Steven Lukes agrees with many of Sosa’s critiques of situationism and also thinks that the conflict between situationists and virtue theorists may be only apparent. However, he finds competence in driving somewhat disanalogous with virtue, since virtues depend on context and point of view. For example, what is loyalty to one person may be nepotism to another. Lukes also makes the excellent point that theorists should consider not only the results of social psychological research such as the Milgram or Good Samaritan experiments, but the historical record of actual social experiments in the twentieth century. This history shows how the virtue of ordinary people may collapse under extreme circumstances. But it also demonstrates that some behavior may be explained only in terms of individual virtue or character, such as the behavior of those who rescued Jewish victims of the Holocaust.
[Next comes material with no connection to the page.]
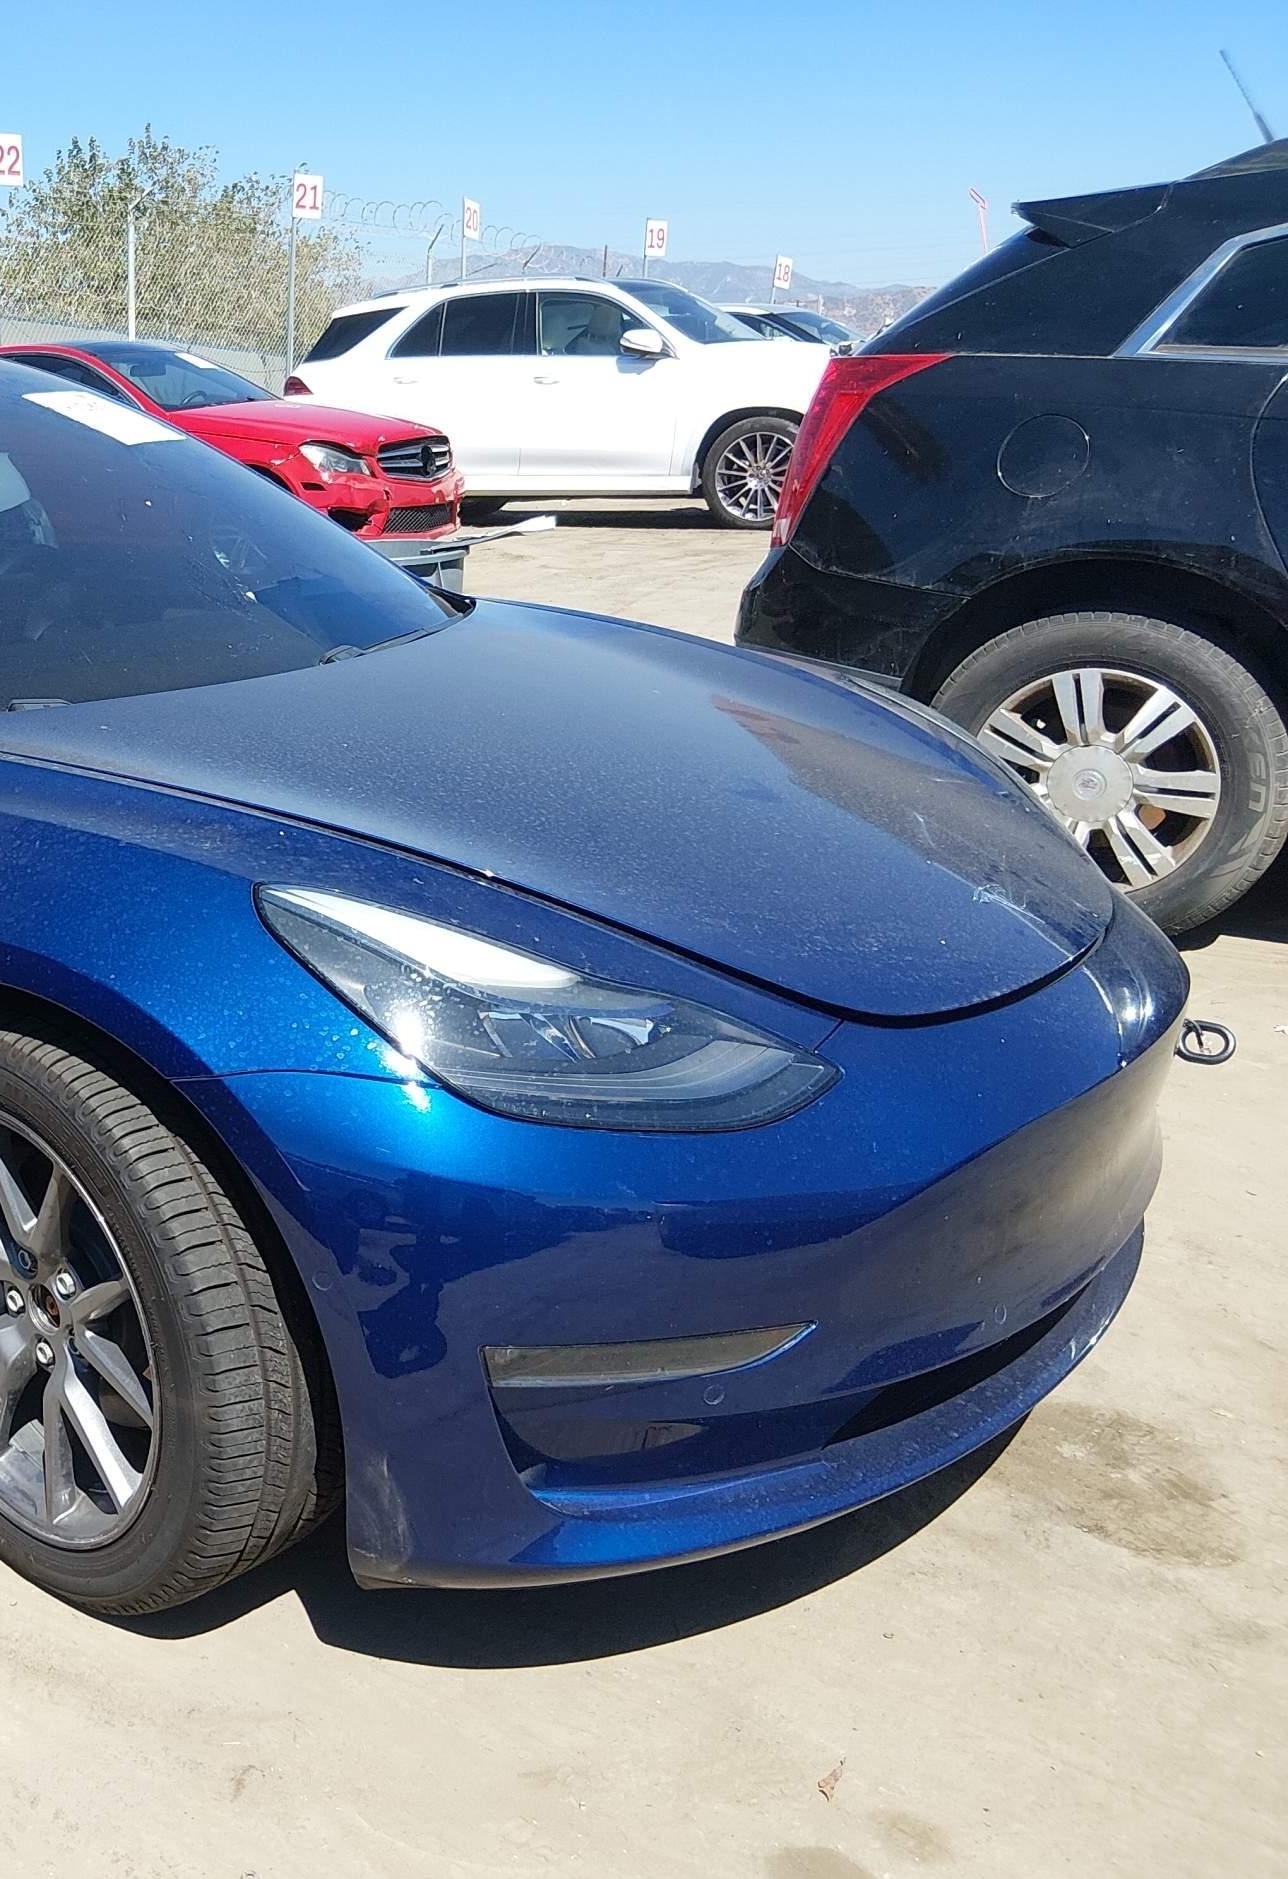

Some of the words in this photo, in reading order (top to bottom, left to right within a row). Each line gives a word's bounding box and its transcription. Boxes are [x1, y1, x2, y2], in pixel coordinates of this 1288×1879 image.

[295, 183, 320, 211] 21
[465, 206, 478, 232] 20
[647, 228, 665, 249] 19
[775, 263, 791, 282] 18
The third and final example of fruitful interaction between philosophy and the social sciences concerns the problem of the hermeneutic circle, that is, that the meanings of parts and whole are interdependent. Mantzavinos argues that this problem cannot be used as an argument for the autonomy of the social and human sciences relative to the natural sciences. As he sees it, it is neither an ontological nor a logical problem. It is not even the methodological problem of how we are able test interpretations. Rather, it is an empirical problem for psycholinguistics, concerning how the mind of the interpreter is able to generate interpretations. Mantzavinos argues that linguistic understanding is a skill upon which we can improve until we reach the point where generating interpretations becomes automatic, something that does not require conscious attention. Empirical studies show that people slow down when they reach unfamiliar words, which he takes as evidence that they are having trouble generating interpretations. Perhaps. But I am not so sure that it is easy to separate the generating from the testing of hypothetical interpretations.
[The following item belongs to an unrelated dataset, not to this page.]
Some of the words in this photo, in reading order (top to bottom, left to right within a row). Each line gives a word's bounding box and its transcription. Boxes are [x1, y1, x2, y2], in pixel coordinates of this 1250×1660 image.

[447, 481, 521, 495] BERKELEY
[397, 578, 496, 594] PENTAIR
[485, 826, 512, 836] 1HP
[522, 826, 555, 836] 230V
David-Hillel Ruben focuses more on explaining social facts than on interpreting texts, but thinks both tasks raise similar issues. He argues that holism and circularity are not the same thing, as circularity entails return to a starting point. However, if we assume that earlier things explain later things, there is a problem with the end point explaining the starting point. An example of an explanatory circle might be how wage increases explain inflation which explains wage increases, but in this case the latter would be a second round of wage increases at a later time. Ruben ultimately concludes that for a hermeneutic circle to exist in the social sciences, there would have to be a demonstration that no social facts can ever be explained in terms of non-social facts. But he knows of no such demonstration.
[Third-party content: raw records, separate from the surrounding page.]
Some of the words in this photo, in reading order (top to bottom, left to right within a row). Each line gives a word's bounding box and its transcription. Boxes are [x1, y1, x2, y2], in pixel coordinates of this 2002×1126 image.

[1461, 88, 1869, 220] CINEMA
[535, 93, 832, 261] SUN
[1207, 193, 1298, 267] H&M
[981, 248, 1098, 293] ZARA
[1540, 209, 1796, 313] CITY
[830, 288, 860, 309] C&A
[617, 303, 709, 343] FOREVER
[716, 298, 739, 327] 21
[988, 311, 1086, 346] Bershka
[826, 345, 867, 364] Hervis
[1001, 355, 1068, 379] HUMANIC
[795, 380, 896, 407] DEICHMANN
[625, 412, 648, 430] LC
In his epilogue, Mantzavinos says that philosophy of the social sciences should play a normative role, productively criticizing theoretical developments and scientific practices in the social sciences. I can only agree and insist that philosophy must be engaged with the social sciences to a much greater degree than it has been in this volume. Philosophy of the social sciences should not be encumbered by a philosophical agenda inherited from the philosophy of the natural sciences. Philosophers need to focus their critical attention instead on problems that arise from research in the social sciences. Some of the social scientists who contributed to this volume could have been more hard-hitting in their critiques of philosophers, pointing out where they have not met their obligations to contend with real problems in the social sciences.